Adverse drug reactions following treatment of latent tuberculosis infection: a linked national tuberculosis surveillance with claims database.

Abstract

Background/aims: Few real-world studies explored factors associated with latent tuberculosis infection (LTBI) treatment-related adverse drug reactions (ADRs). This study evaluate ADRs that lead to the discontinuation of LTBI treatment and identify the associated factors, including age groups and drug regimens.

Methods: Using the Korean national tuberculosis registry and HHC investigation database linked to the National Health Insurance Service claims database, we examined treatment discontinuation due to ADRs among HHCs on LTBI treatment from January 2015 to December 2018. Multivariable logistic regression analysis was conducted to examine factors associated with ADRs, including demographics, LTBI treatment, comorbidities, and steroid use.

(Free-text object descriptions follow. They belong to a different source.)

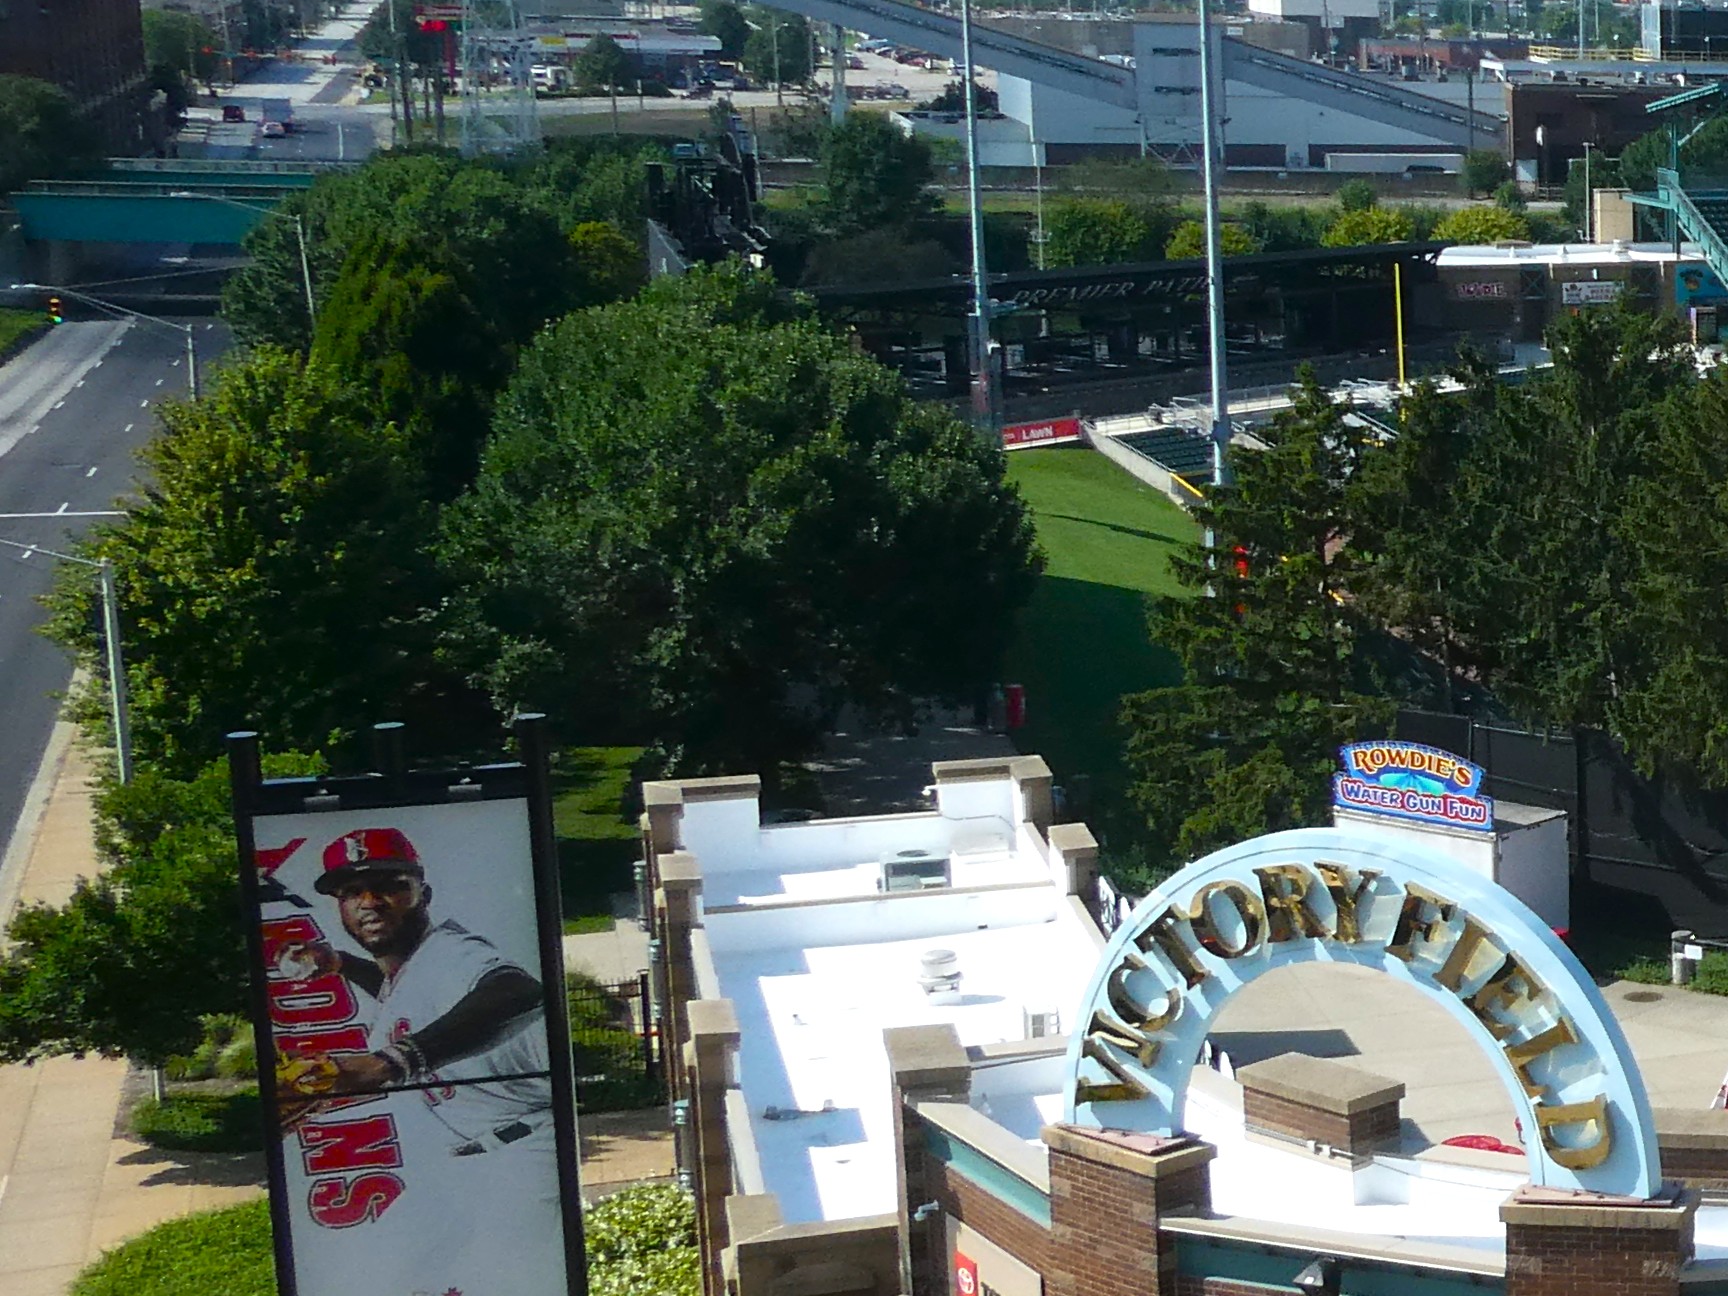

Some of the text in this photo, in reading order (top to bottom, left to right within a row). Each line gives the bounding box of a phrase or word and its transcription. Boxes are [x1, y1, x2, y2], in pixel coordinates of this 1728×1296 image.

[1142, 275, 1213, 295] PATI
[1021, 425, 1054, 441] LAWN
[1352, 746, 1472, 787] ROWDIE'S
[1343, 780, 1484, 820] WATER GUN FUN
[1073, 858, 1614, 1172] VICTORY FIELD

Results: Among 11,913 participants initiated LTBI treatment, 633 participants (5.3%) discontinued treatment due to ADRs. The primary contributors to discontinuation were adverse skin reactions (2.0%) and abnormal liver function (1.9%). Risk associated with ADRs and abnormal liver function showed age-related increase, except for the age group 66-75 (adjusted odds ratio [AOR] 3.82, 95% confidence interval [CI] 2.31-6.31) which reported lower OR to that of age group 36-65 (AOR 4.38, 95% CI 3.09-6.21). Three months isoniazid/rifampin and 4 months rifampin exhibited a lower odds of ADRs and abnormal liver function when compared to 6-9 months isoniazid.

Conclusion: We discovered the real-world prevalence of LTBI treatment discontinuation due to ADRs among HHCs. Our findings suggest a notably increased odds of ADRs resulting in discontinuation with age of 76 years or above, emphasizing careful attention when prescribing LTBI treatment in this population. Further studies are warranted to validate these results.